**PROBLEM TO SOLVE:** Below is a listing; retype exactly the lines between the one containing "this 1920×1440 image." and the one containing "Some of the text", inclusive, minus the pictures.

**DATA FOR THE TASK:**
== Segment start ==
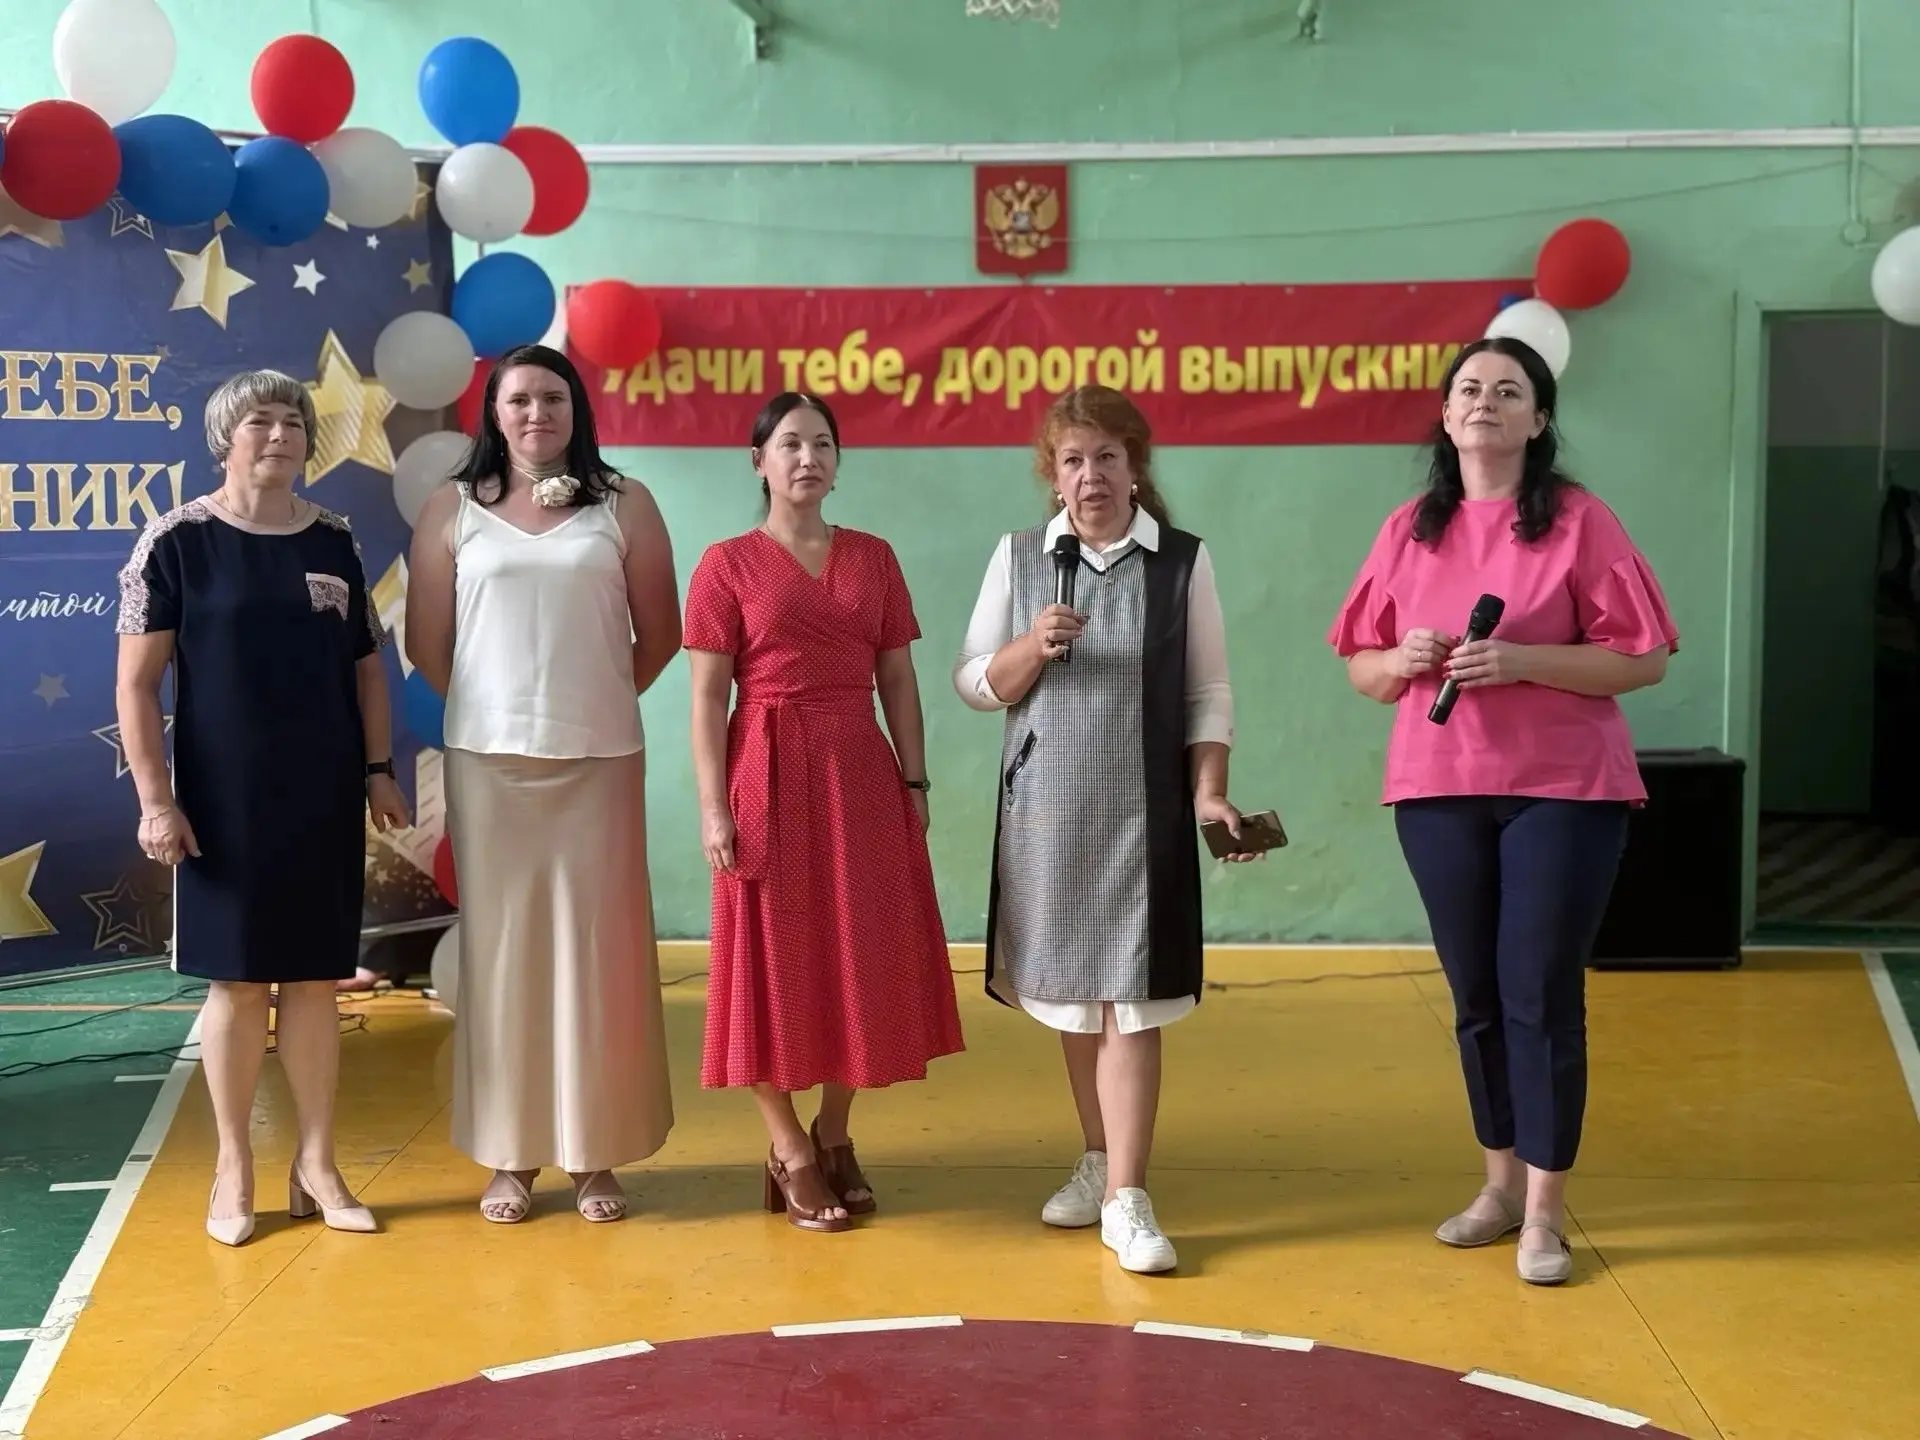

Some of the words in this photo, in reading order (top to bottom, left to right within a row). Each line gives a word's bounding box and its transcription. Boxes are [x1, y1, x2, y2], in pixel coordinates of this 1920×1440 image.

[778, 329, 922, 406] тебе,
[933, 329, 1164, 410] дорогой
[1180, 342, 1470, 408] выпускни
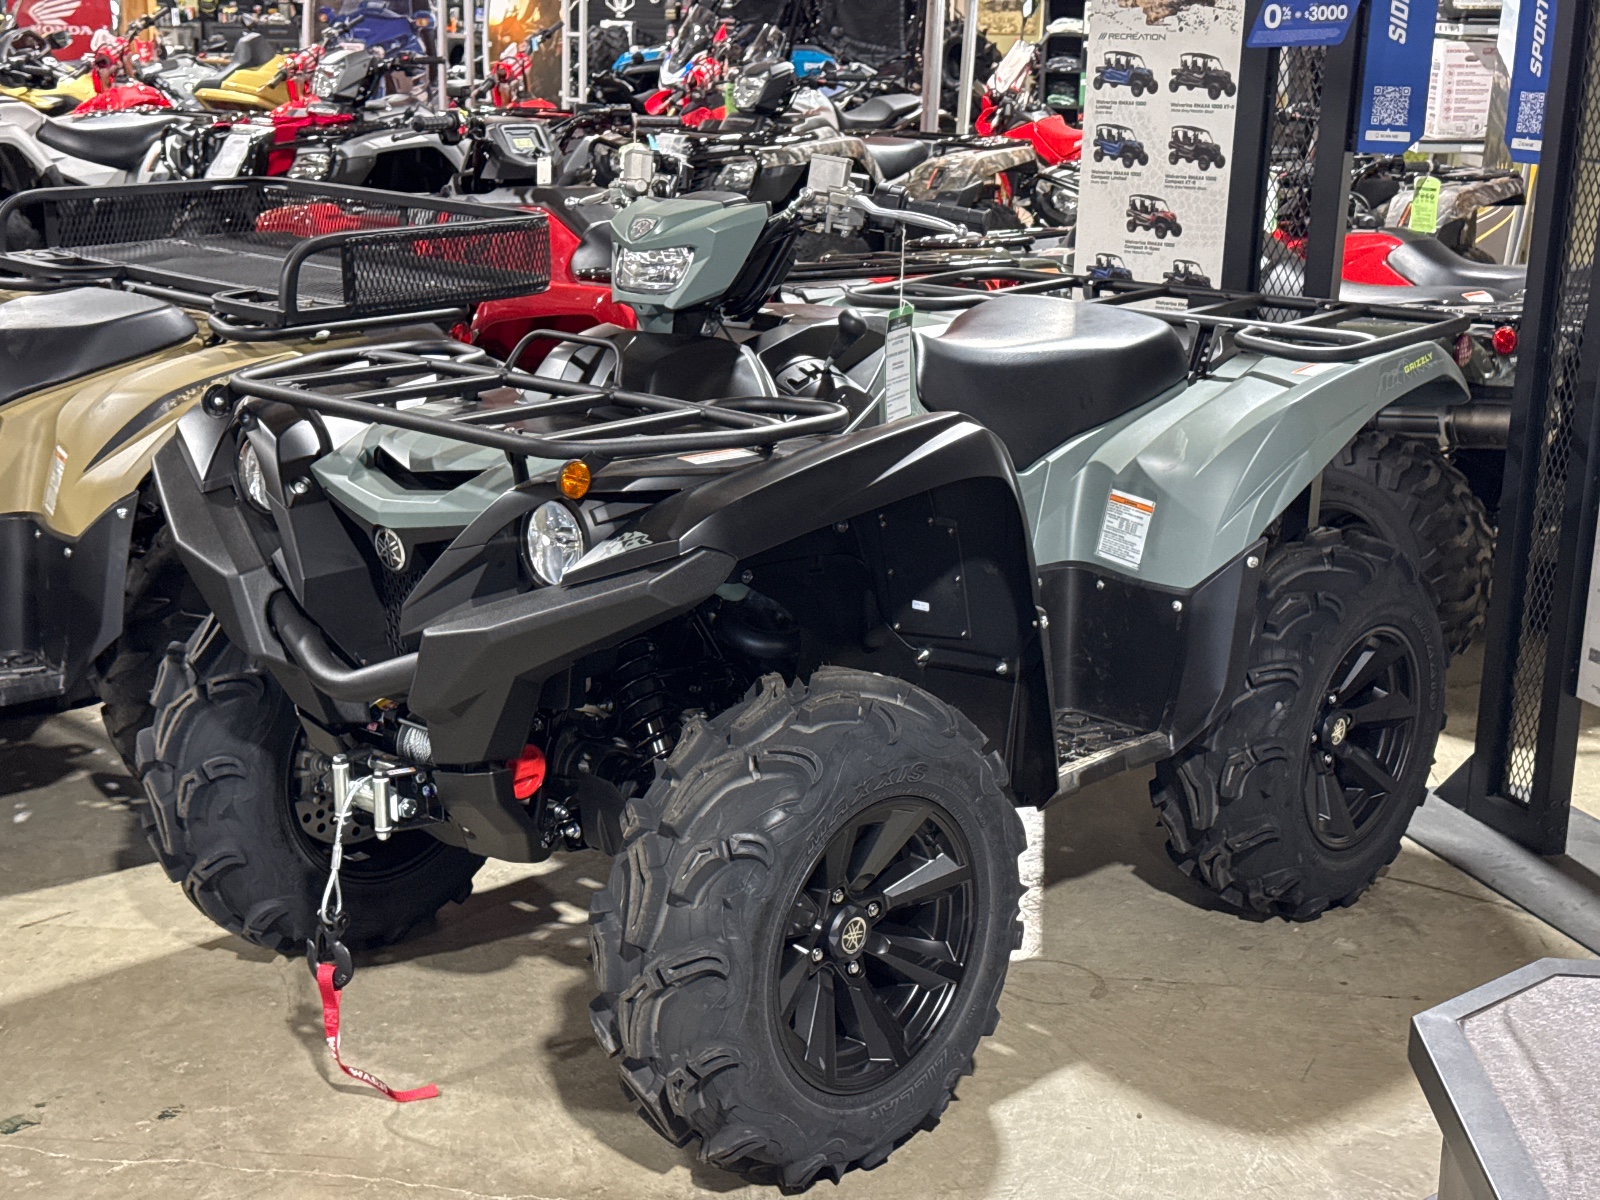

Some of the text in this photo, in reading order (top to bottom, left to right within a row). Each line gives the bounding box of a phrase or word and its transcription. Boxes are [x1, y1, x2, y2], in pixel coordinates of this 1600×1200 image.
== Segment end ==
== Segment start ==
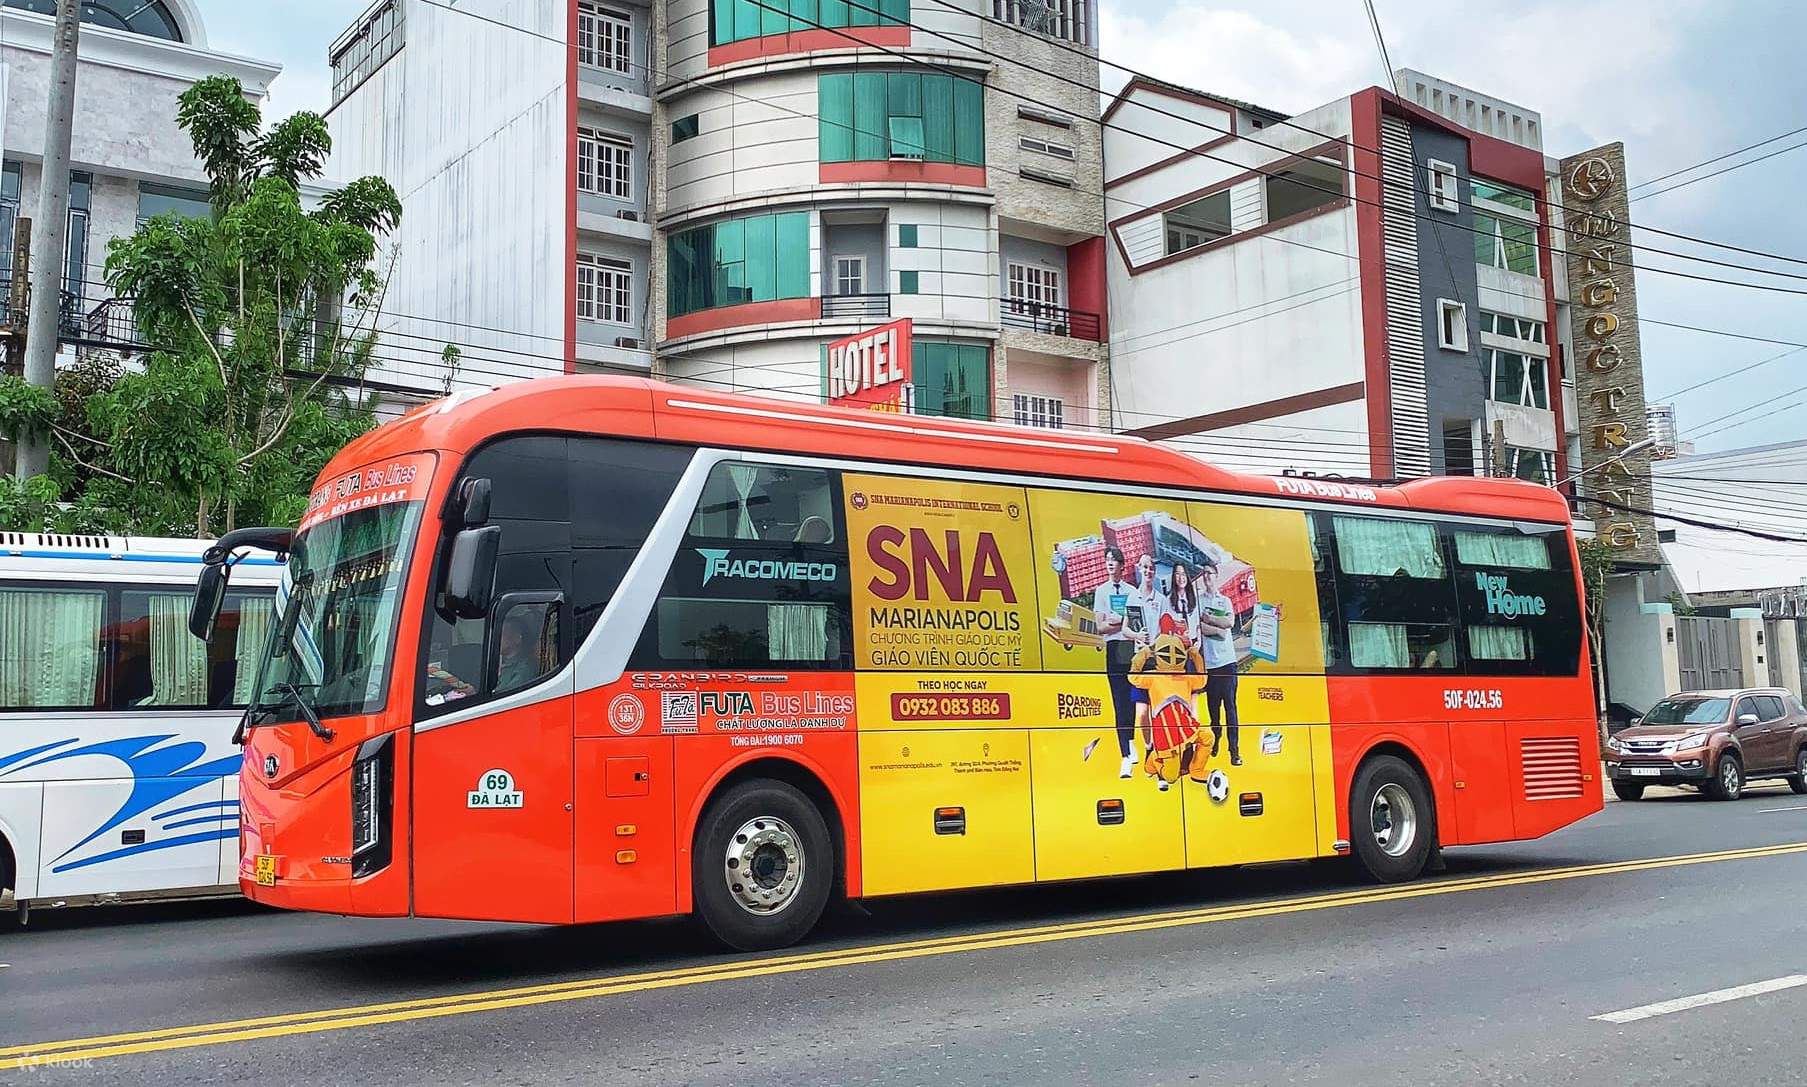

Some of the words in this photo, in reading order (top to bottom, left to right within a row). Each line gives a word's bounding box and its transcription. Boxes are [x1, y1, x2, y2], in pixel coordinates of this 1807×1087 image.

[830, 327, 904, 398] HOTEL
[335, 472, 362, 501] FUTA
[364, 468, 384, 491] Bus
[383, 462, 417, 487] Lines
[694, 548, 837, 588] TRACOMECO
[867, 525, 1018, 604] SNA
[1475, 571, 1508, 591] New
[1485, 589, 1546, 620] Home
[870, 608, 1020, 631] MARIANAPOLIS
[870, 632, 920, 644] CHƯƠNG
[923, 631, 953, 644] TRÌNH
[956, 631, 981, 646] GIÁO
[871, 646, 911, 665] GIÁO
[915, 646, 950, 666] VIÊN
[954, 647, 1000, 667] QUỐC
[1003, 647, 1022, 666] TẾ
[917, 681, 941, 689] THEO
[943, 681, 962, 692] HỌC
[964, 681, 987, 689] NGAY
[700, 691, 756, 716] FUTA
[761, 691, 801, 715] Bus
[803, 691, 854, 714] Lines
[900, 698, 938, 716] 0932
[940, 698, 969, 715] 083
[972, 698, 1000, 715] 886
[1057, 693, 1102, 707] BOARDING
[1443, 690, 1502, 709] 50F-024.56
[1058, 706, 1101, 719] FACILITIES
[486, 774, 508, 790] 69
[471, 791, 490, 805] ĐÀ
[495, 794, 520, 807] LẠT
== Segment end ==
== Segment start ==
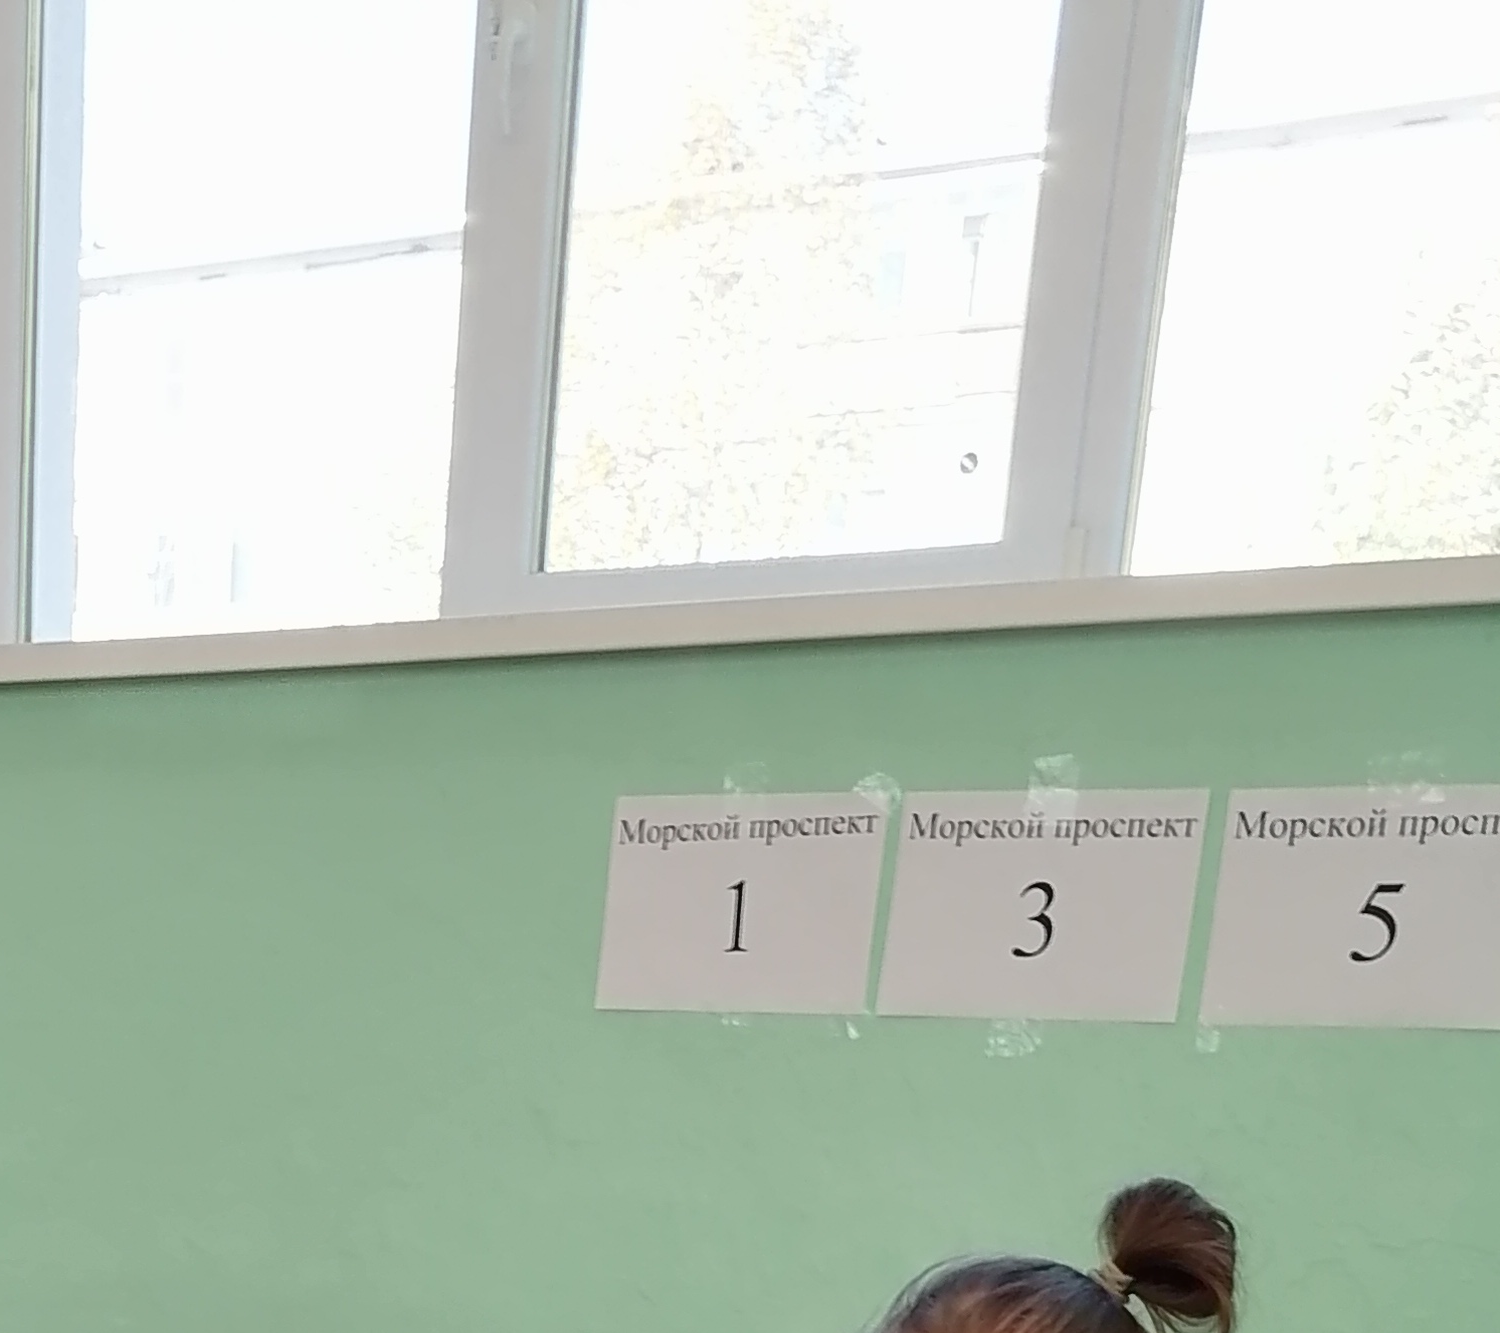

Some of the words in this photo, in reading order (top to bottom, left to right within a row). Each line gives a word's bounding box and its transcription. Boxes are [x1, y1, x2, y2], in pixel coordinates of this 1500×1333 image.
== Segment end ==
**RESULT BELOW:**
Some of the words in this photo, in reading order (top to bottom, left to right within a row). Each line gives a word's bounding box and its transcription. Boxes are [x1, y1, x2, y2], in pixel coordinates of this 1920×1440 image.

[778, 329, 922, 406] тебе,
[933, 329, 1164, 410] дорогой
[1180, 342, 1470, 408] выпускни

Some of the text in this photo, in reading order (top to bottom, left to right within a row). Each line gives the bounding box of a phrase or word and its transcription. Boxes are [x1, y1, x2, y2], in pixel coordinates of this 1600×1200 image.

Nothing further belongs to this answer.